Атен был готов пропустить мимо ушей любые слова – доводы и заверения горожан, но эти почему-то услышал и, услышав, задумавшись, на миг остановился, растерялся, пробормотал:

– Это… – он страстно хотел обвинить горожан во всех грехах, и, прежде всего, во лжи и клевете, однако, не мог же он назвать обманом то, что на самом деле было правдой. Да, дракон – священный зверь бога солнца. Но если так… – Это… – он перевел взгляд на подошедших к нему и застывших рядом серыми безмолвными тенями с опущенными на грудь головами и погасшими глазами караванщикам. Евсей… Лигрен…
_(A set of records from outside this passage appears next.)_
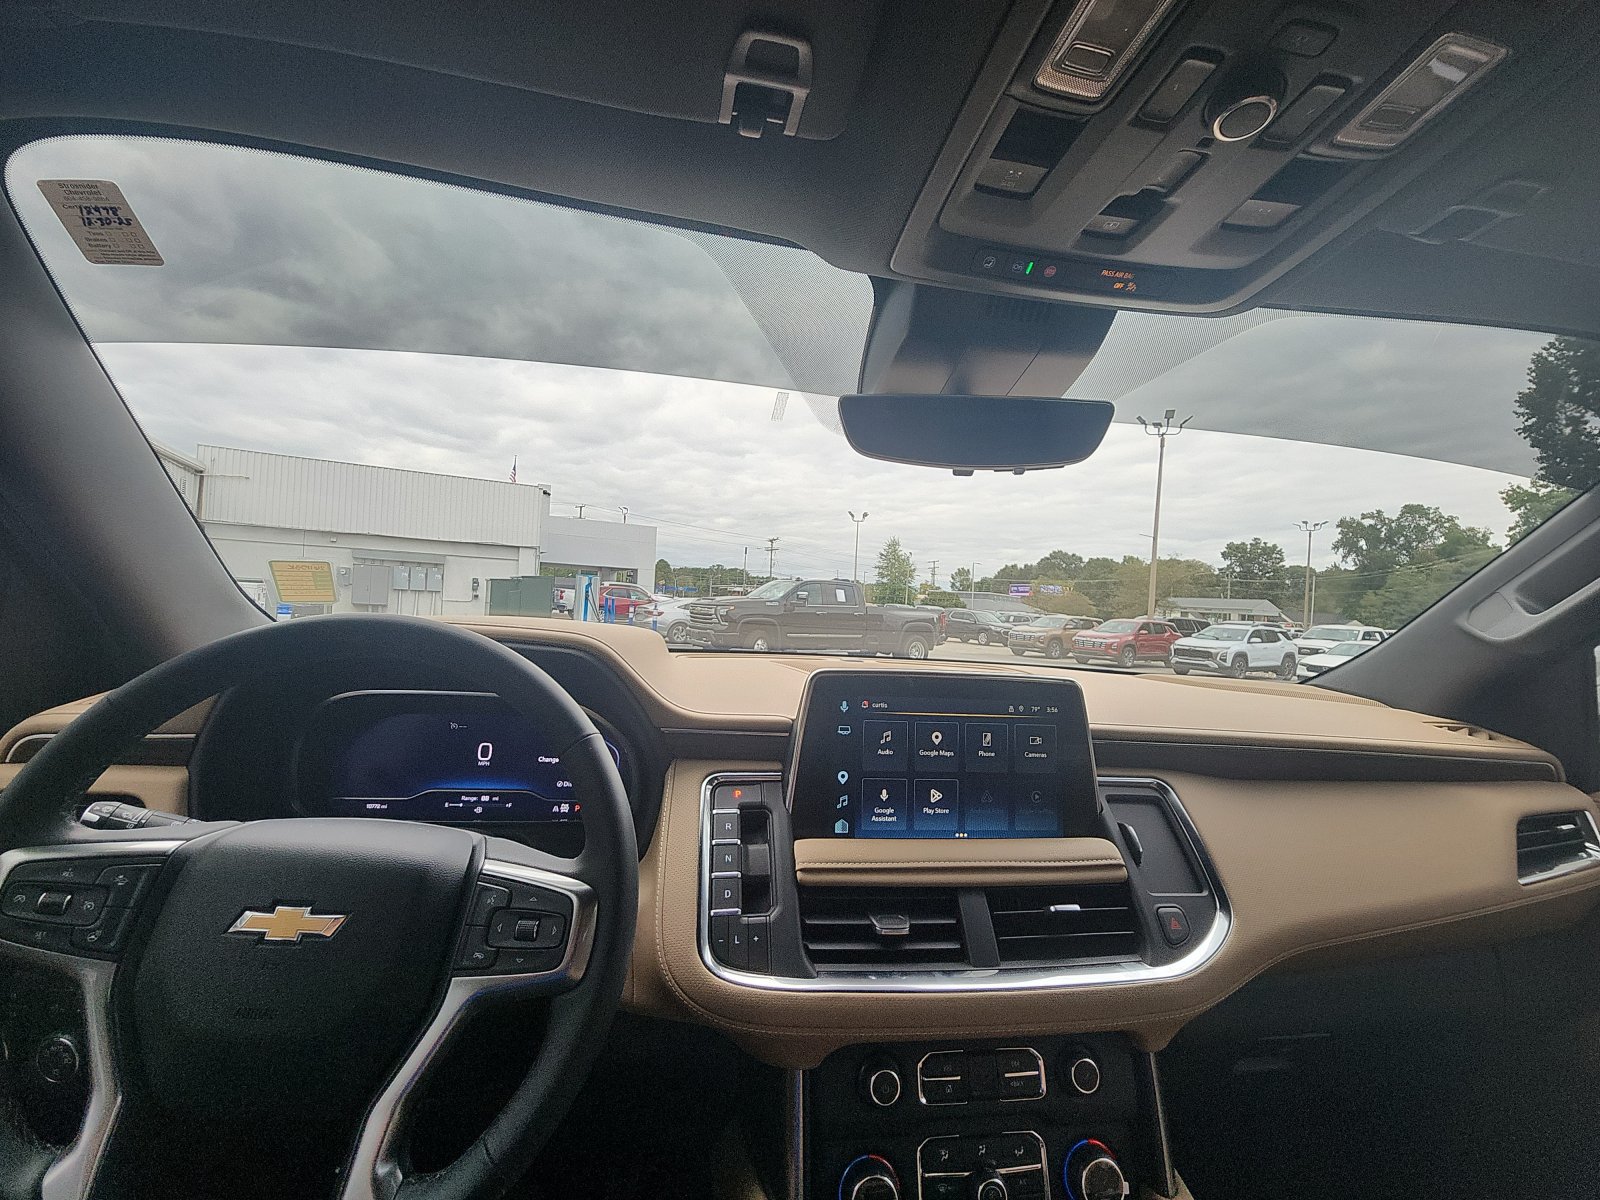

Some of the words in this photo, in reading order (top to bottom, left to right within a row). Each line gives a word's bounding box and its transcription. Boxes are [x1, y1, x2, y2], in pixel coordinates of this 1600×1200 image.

[1101, 269, 1115, 277] PASS
[477, 742, 493, 761] 0
[919, 749, 938, 757] Google
[538, 756, 560, 764] Change
[734, 789, 741, 798] P
[574, 804, 581, 812] P
[874, 806, 894, 814] Google
[922, 807, 935, 815] Play
[725, 822, 732, 831] R
[725, 854, 732, 863] N
[724, 889, 731, 898] D
[734, 934, 740, 944] L
Лина… Рани… Все похожие и какие-то отрешенно безликие. Не потому что они понимали больше, чем Атен, видели дальше его, заставляли себя поверить в то, что казалось невозможным хозяину каравану. Нет. В сущности, они даже не задумывались над произносимыми в этот час полной луны словами. Как и все собравшиеся на поляне горожане, за исключением хозяев города, наделенных особым даром, особой власть преодолевать оцепенение, свойственное обряду, их тела были неподвижны, лица выражали полное покорство перед лицом судьбы, и лишь в глазах, за грань холода и безразличия, бился, пылая ярче, чем когда бы то ни было прежде, огонь жалости и боли И это тягучее, дурманное чувство вновь начало наползать на Атена, сковывая его по рукам и ногам, заставляя подчиниться, если не по своей воле, то против нее.

Вот только…

– Папочка! – испуганный, полный боли и мольбы вскрик дочери вновь вырвал его из той паутины, которую плел дух обряда. – Папочка, уведи меня отсюда! Пожалуйста!
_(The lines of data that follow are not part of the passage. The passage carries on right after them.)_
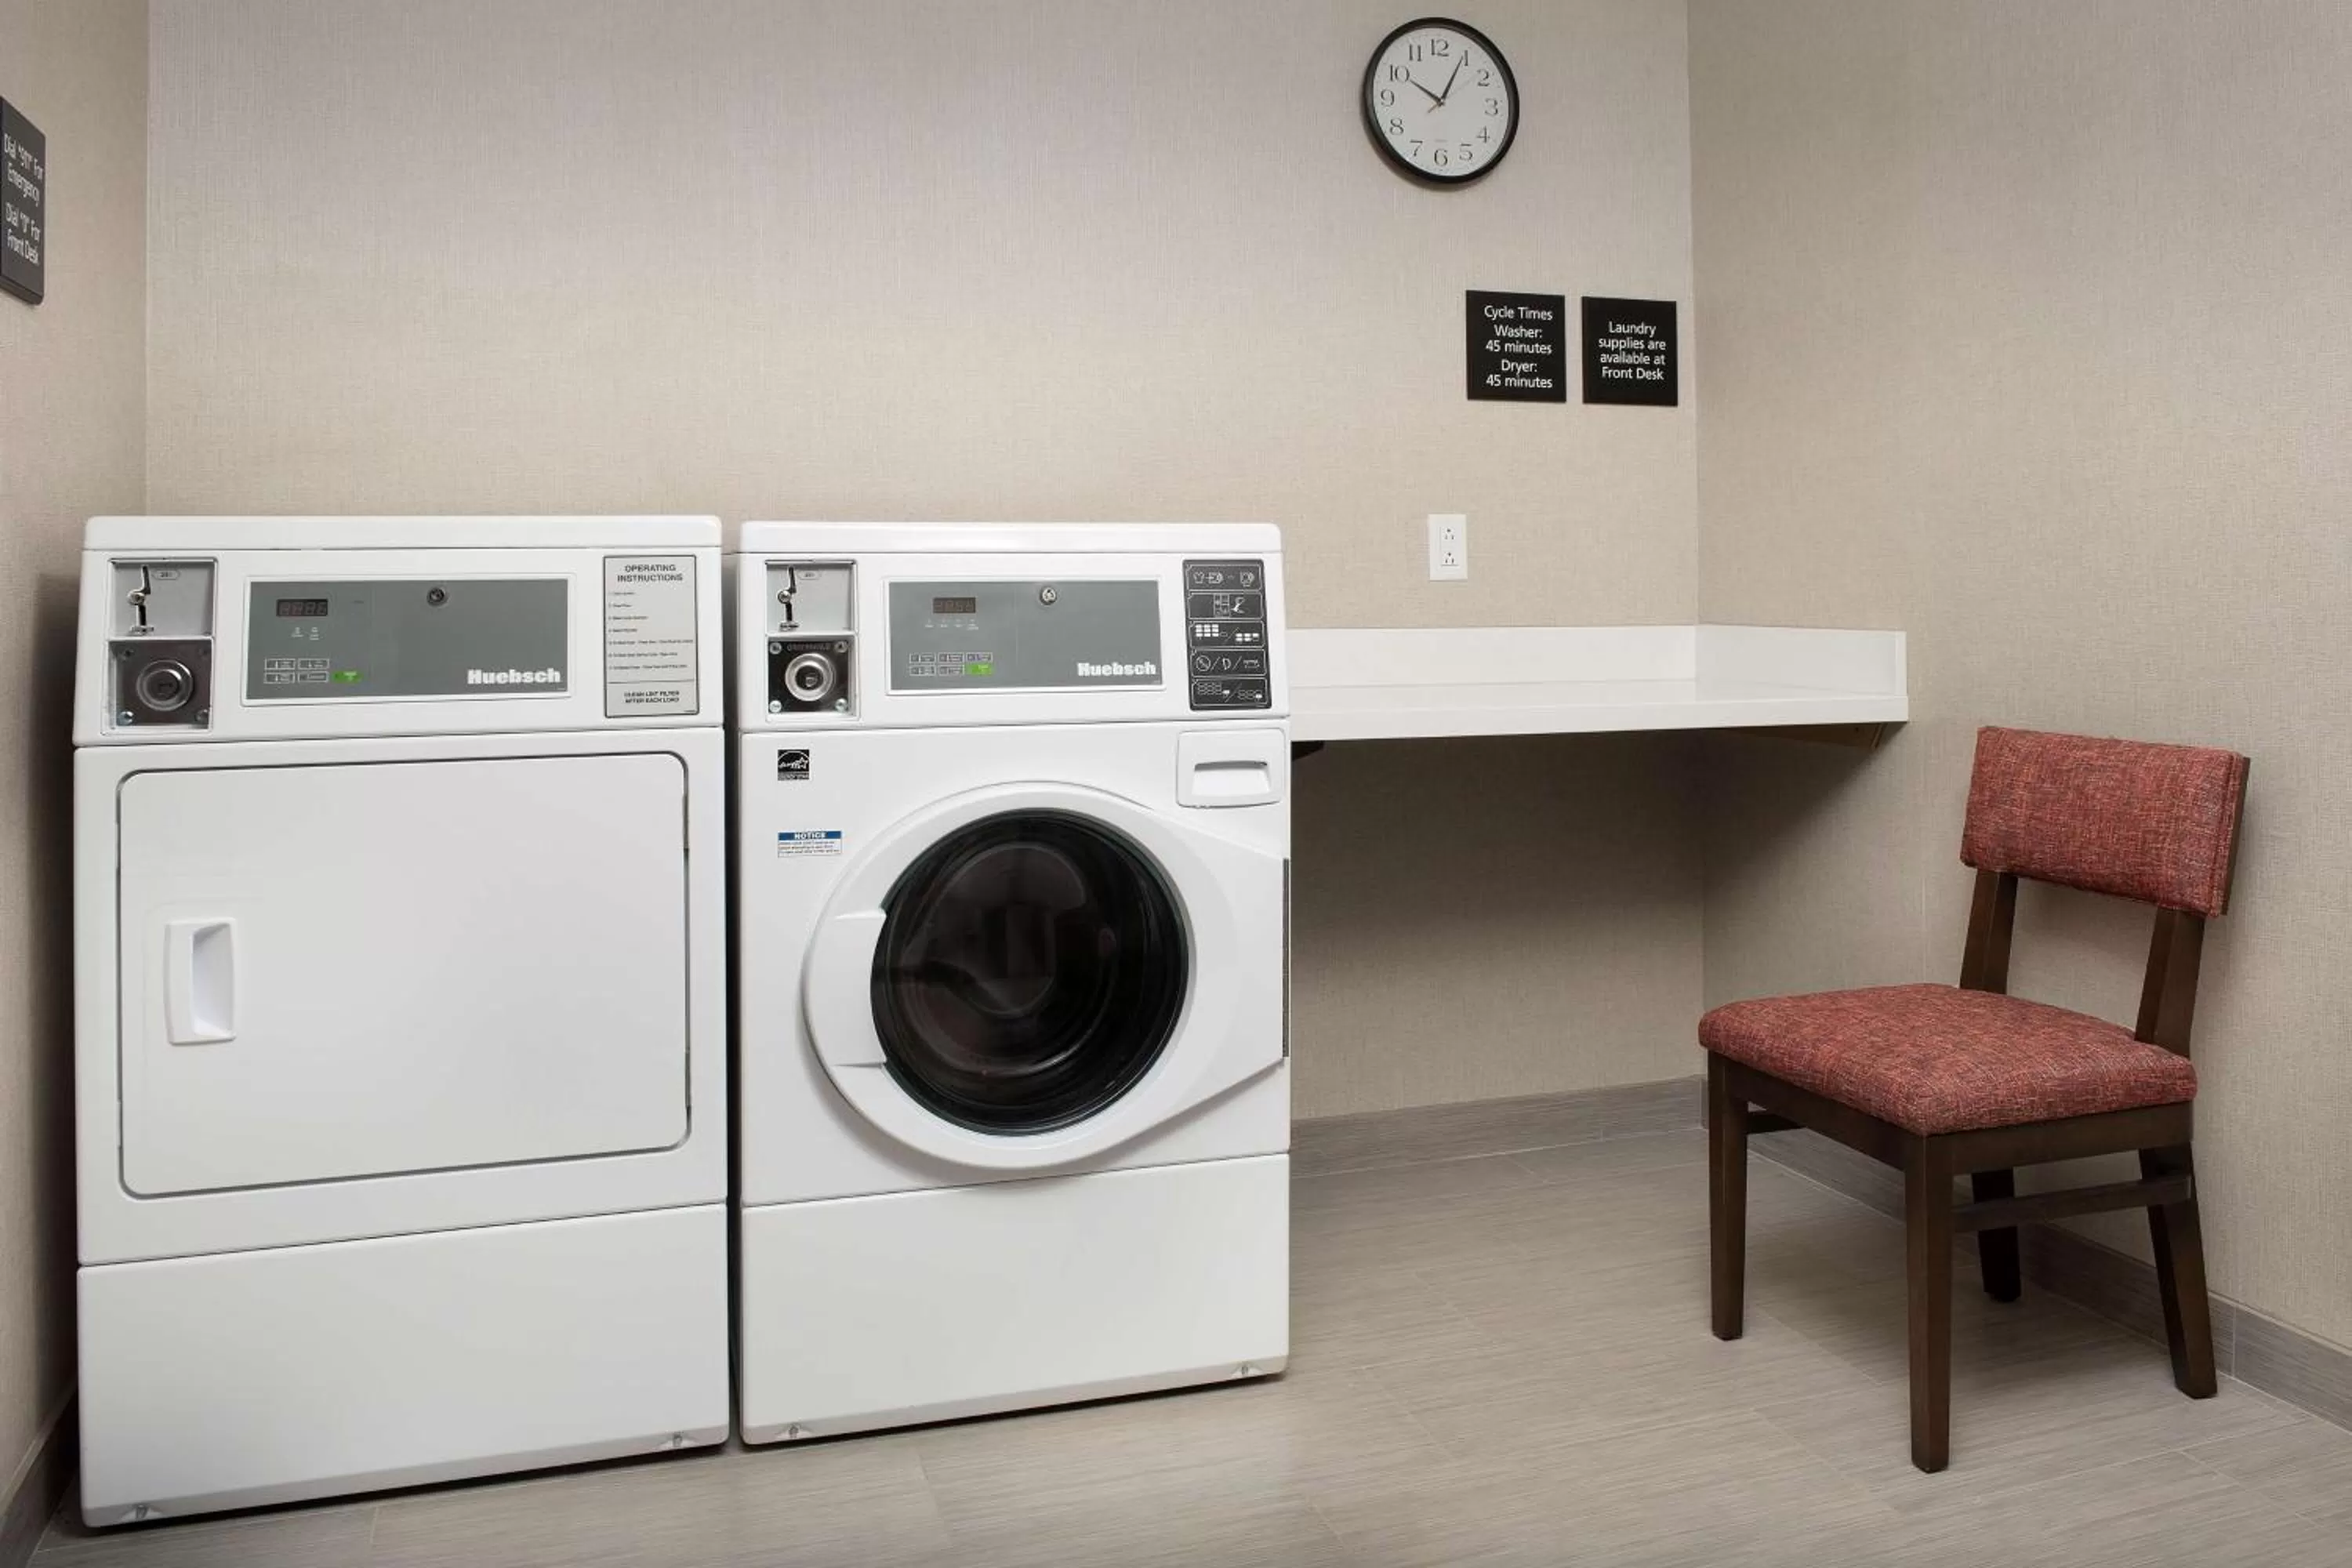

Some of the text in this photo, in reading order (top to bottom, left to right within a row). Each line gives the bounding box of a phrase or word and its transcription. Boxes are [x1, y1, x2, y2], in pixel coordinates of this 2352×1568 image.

[1409, 44, 1421, 62] 11
[1431, 39, 1449, 57] 12
[1463, 50, 1469, 67] 1
[1390, 64, 1410, 82] 10
[1477, 68, 1490, 87] 2
[1380, 89, 1396, 107] 9
[1484, 98, 1499, 117] 3
[1389, 118, 1404, 136] 8
[1476, 125, 1490, 143] 4
[1410, 140, 1424, 157] 7
[1459, 143, 1473, 162] 5
[1434, 148, 1449, 167] 6
[1484, 305, 1553, 321] Cycle Times
[1494, 324, 1543, 339] Washer:
[1609, 321, 1657, 337] Laundry
[1486, 340, 1552, 355] 45 minutes
[1599, 336, 1666, 350] supplies are
[1501, 359, 1537, 374] Dryer:
[1600, 352, 1666, 365] available at
[1486, 374, 1553, 389] 45 minutes
[1602, 366, 1664, 381] Front Desk
[624, 564, 676, 572] OPERATING
[617, 573, 683, 583] INSTRUCTIONS
[467, 668, 561, 684] Huebsch
[1077, 661, 1156, 677] Huebsch
[794, 831, 826, 840] NOTICE
Мне страшно! – она говорила так, как давно, в раннем детстве, пугаясь какого-то места, не пытаясь объяснить своего страха, не стыдясь его и не стремясь преодолеть, а лишь поскорее избавиться от него тем единственным способом, который был ей понятен – оказавшись под защитой отца в безопасности повозки.
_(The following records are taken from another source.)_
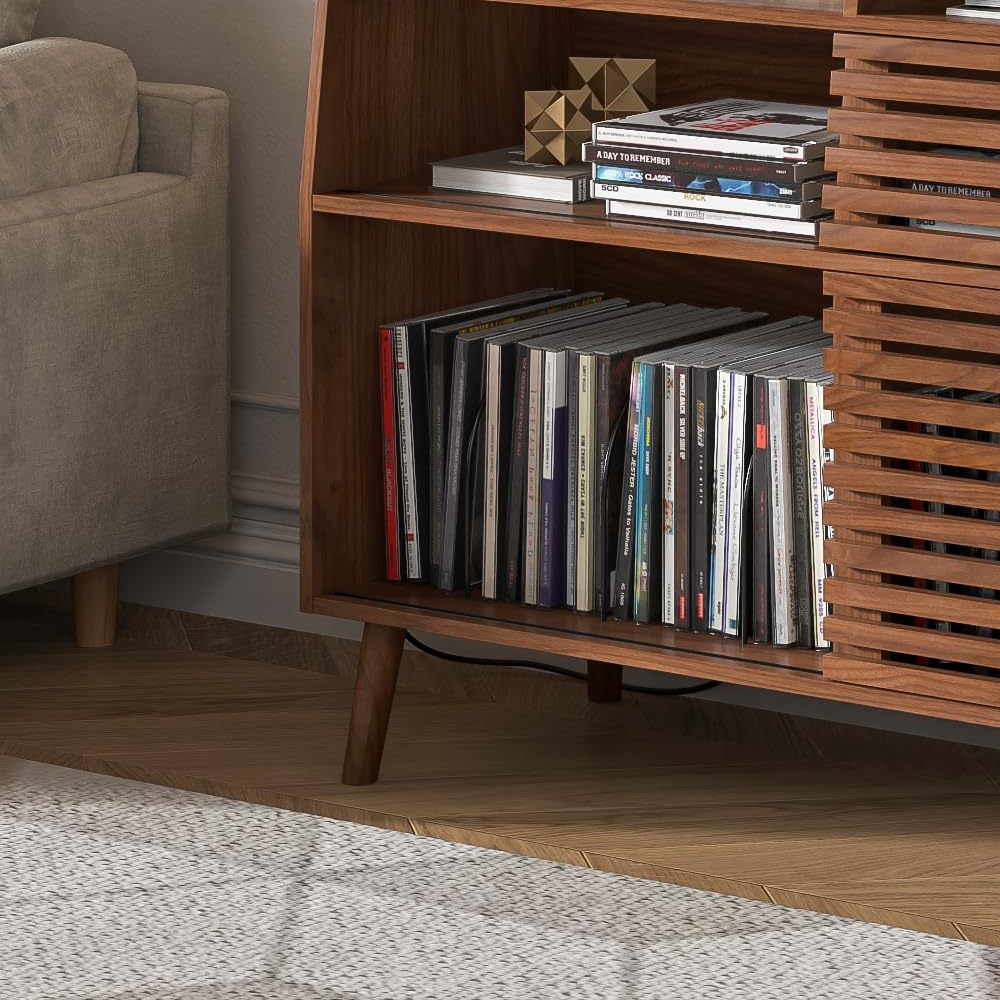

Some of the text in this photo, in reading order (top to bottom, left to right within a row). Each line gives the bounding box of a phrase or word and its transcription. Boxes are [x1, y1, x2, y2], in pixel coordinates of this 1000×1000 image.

[596, 151, 602, 159] A
[603, 151, 619, 160] DAY
[619, 153, 629, 162] TO
[630, 154, 671, 165] REMEMBER
[601, 184, 619, 192] 5CD
[683, 193, 707, 201] ROCK
[631, 423, 640, 456] MORBID
[679, 451, 685, 460] UP
[629, 456, 638, 488] JESTER
[626, 494, 634, 516] Gates
[626, 517, 632, 526] to
[623, 527, 632, 556] Valhalla
[817, 579, 823, 595] MM
– Да, милая, сейчас… – мотнув головой, сбрасывая с себя порвавшиеся нити дурмана, проговорил он, сперва – инстинктивно, затем, уже куда более осознанно продолжал: – Сейчас, сейчас мы уйдем… Вернемся в караван… – он за руку потянул дочь в сторону деревьев.

Но жрец продолжал удерживать ее:

– Так нельзя… Обряд…

– Я не хочу! – вскрикнула Мати. – Не хочу, чтобы дракон прилетал! -она в ужасе зажмурила глаза, из которых нескончаемым потоком полились самые соленые из слез, когда-либо касавшихся ее губ.

– Ну, дочка, ну, не плачь, – склонился над ней караванщик. Отец прижал ее к груди, пытаясь успокоить, хотя и знал, что у него ничего не выйдет, ведь он сам был взвинчен до предела.

– Пап, то, что происходит… Так должно было случиться. Я видела все… Не с самого начала, но это место… – она огляделась вокруг. И вновь в ее глаза вошел страх, которому, казалось, не было предела. Сглотнув комок, подкативший к горлу, девушка продолжала: – Я уже была здесь раньше… Во сне… И… Папа, уведи меня поскорее! Потому что я знаю, что будет потом! И не хочу этого! Не хочу!

– Милая, дорогая, ну что может случиться! Ведь дракон – священный зверь бога солнца, а Шамаш…

– Ты не знаешь, папа! – закричала, всплеснув руками, девушка. – А я видела!

Видела в вещем сне! И… Уведи меня куда-нибудь, пока ничего не произошло!

– От своей судьбы не укроешься, – вздохнув, качнул головой Шед.

– Девочка еще не прошла испытание, – с трудом, но, все же, нашел в себе силы, чтобы проговорить Лигрен, – а значит, у нее еще нет судьбы! Ей не от чего бежать!…

– У нее есть судьба, – возразил Гешт, – иначе она ее не предчувствовала бы…

– У людей…

– Она не человек. Вернее, не совсем человек.

– Как ты можешь! – воскликнул Атен. – В такой момент ты вновь возвращаешься к этой бредовой идее о том, что она – полубог, дочь госпожи Айи! Но… Это было бы смешно, если бы не было так горько!

– Он думает, что Мати дочь богини снегов? – переводя взгляд с чужака на хозяина каравана, спросила Лина. – Но это невозможно! Послушай меня, служитель, я очень хорошо знала мать девочки. Она была прекрасной женщиной, но при этом – всего лишь смертной. Очень смертной. Ведь иначе она не оставила бы дочь в тот миг, когда была нужна ей более всех на свете!

– Я уже говорил им. Но эти горожане упрямы, как… – не найдя нужного слова, он лишь безнадежно махнул рукой. – Лина, Лигрен, уведите Мати в караван…

– Да… – они приблизились к девушки, но стоило им коснуться рук девушки, как на них накатилась страшная слабость. Они и сами не поняли, как оказались на земле.

Ноги просто отказались держать их. – Мы не можем, – растерянно глядя на Атена, проговорил Лигрен.

– Человек она или полубог, но у нее есть своя судьба, – Шед был убежденным в своей правоте, и эта убежденность придавала ему силы. – А от судьбы нельзя убежать. Посему вам не удастся увести отсюда ту, которая должна быть здесь.

– И, все же, мы попытаемся, – пусть ему было не откуда ждать помощи, но Атен не собирался сдаваться. А тут еще слезы в глазах дочери, ее глухие рыдания подстегивали, словно порывы ветра, заставляя идти вперед, – мы вернемся в караван. Сейчас же.

Он собрал воедино все свои силы, призвал на помощь всех богов, каких только знал.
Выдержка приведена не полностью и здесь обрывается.